Identification of proteins involved in intracellular copper metabolism. Low levels of a approximately 48-kDa copper-binding protein in the brindled mouse model of Menkes disease.

Little is known about copper metabolism at the cellular level. The brindled mouse is an animal model of Menkes disease which is an inborn error of copper metabolism. Control and brindled mice were used to identify copper-binding proteins with possible roles in normal copper metabolism that are affected by the defect in the brindled mice. When 64Cu-labeled hepatic or renal cytosols from control mice were applied to Mono Q or Superose columns, a approximately 48-kDa protein coeluted with the protein fractions which contained the radiolabeled copper. Large decreases in copper binding were detected in these fractions from the brindled mice. The same column fractions which showed decreased copper binding showed large decreases in the levels of the approximately 48-kDa protein. Decreased copper binding and approximately 48-kDa protein were not simply secondary to the abnormal hepatic and renal copper levels that are found in the brindled mice since although their liver copper levels are low, their kidney copper levels are high.
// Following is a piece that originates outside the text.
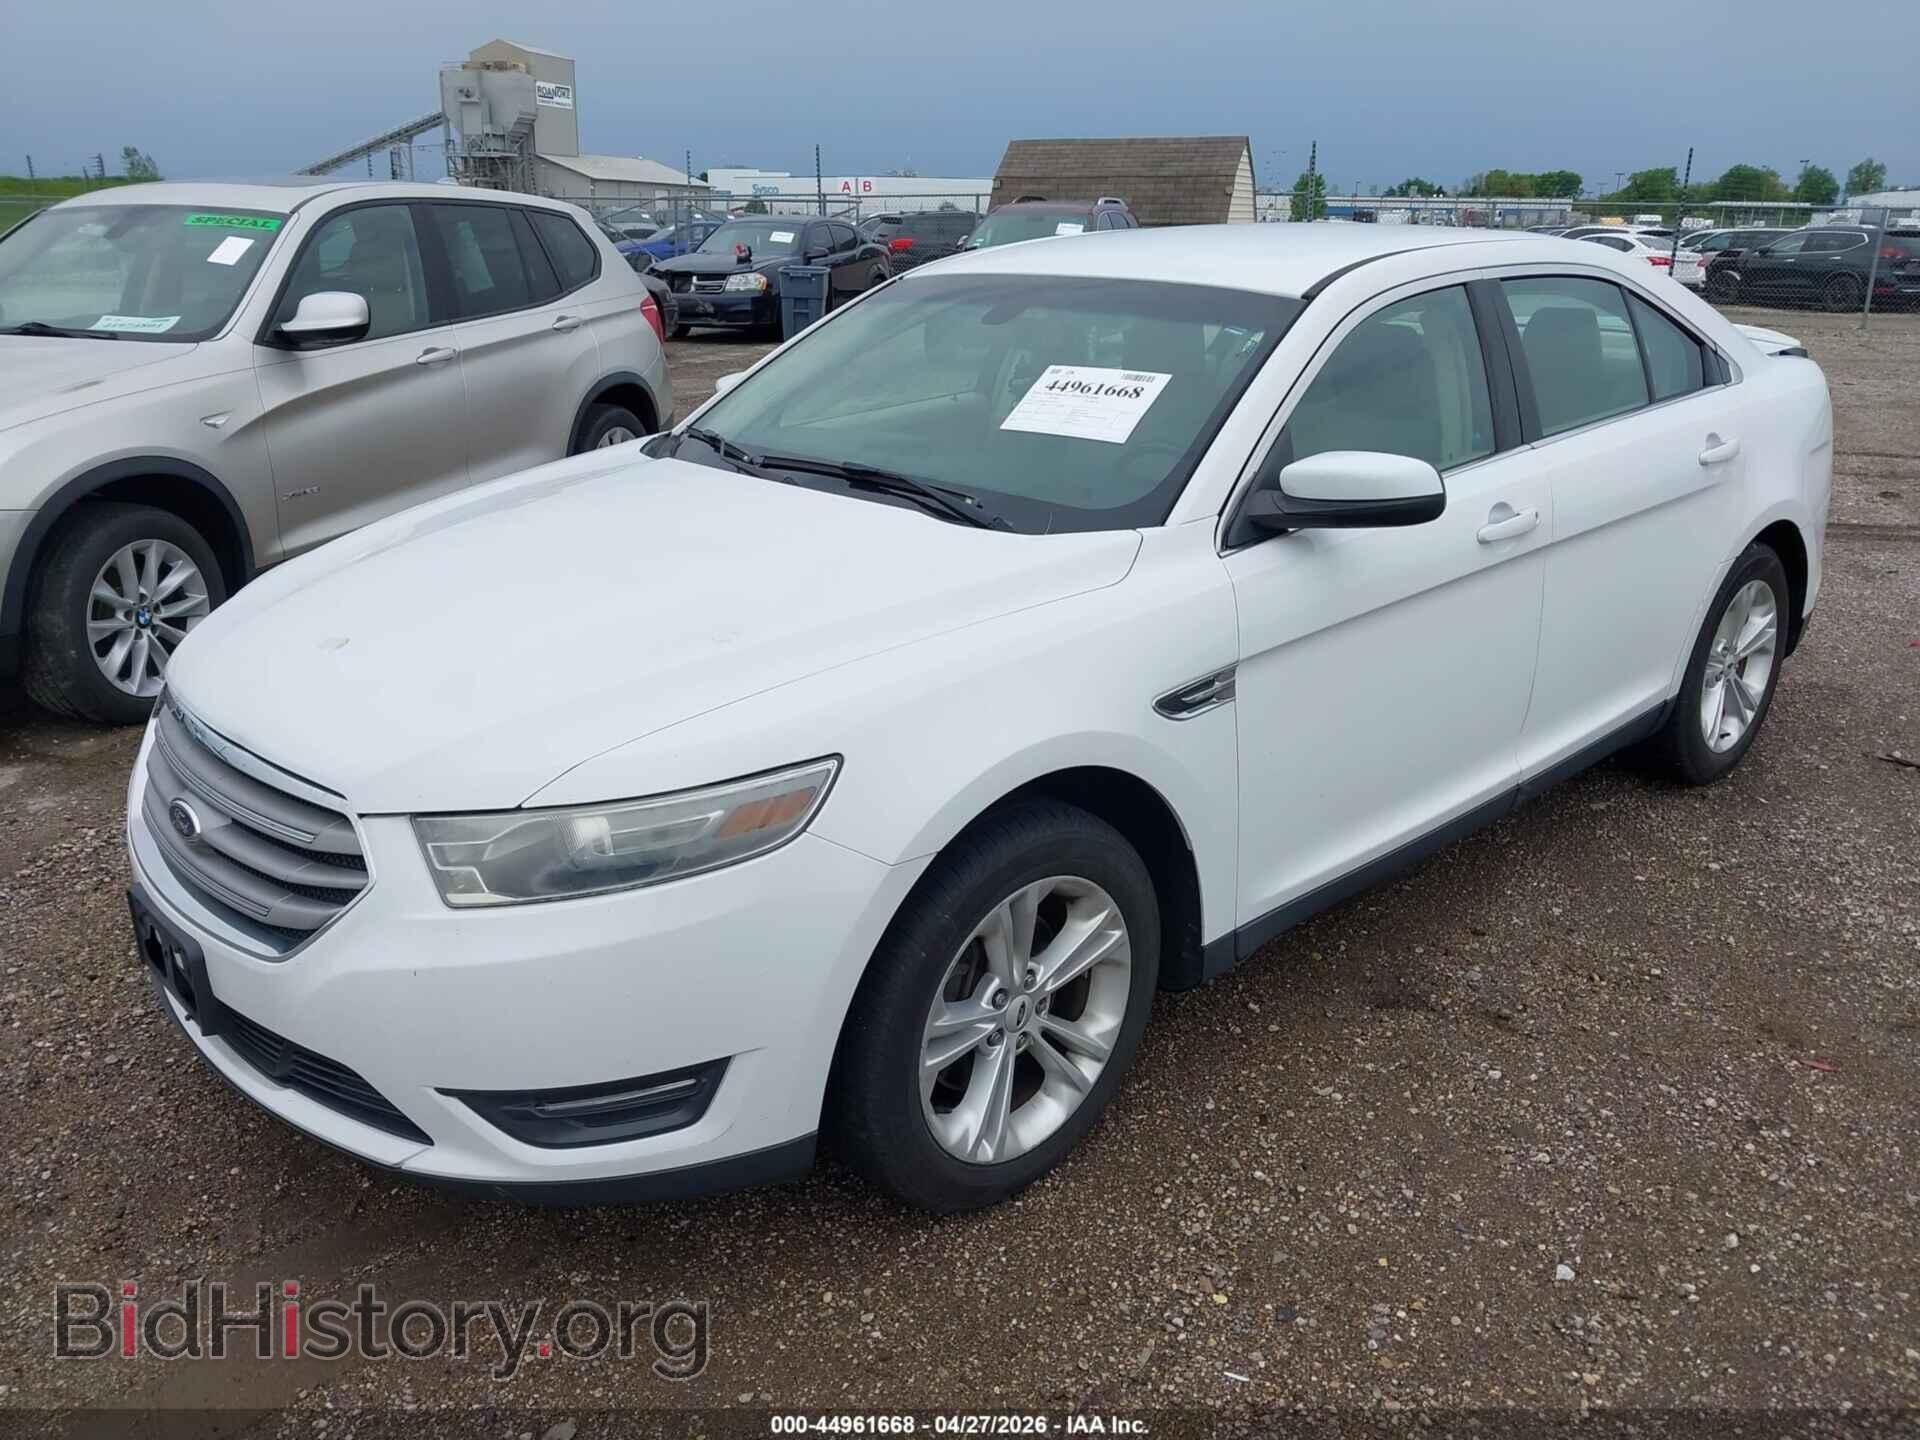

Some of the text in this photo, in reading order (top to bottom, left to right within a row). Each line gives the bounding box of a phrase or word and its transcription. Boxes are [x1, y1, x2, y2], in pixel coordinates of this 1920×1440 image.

Elevated levels of an approximately 80-kDa heat shock protein were also detected in the hepatic and renal cytosols from the brindled mice. Consistent with expression of the primary defect in both the liver and kidney, the levels of the approximately 48- and approximately 80-kDa proteins were affected similarly in both organs. Irrespective of how the low levels of the approximately 48-kDa protein may be related to the basic defect in the brindled mice, the data are consistent with an important role for the approximately 48-kDa protein in intracellular copper metabolism.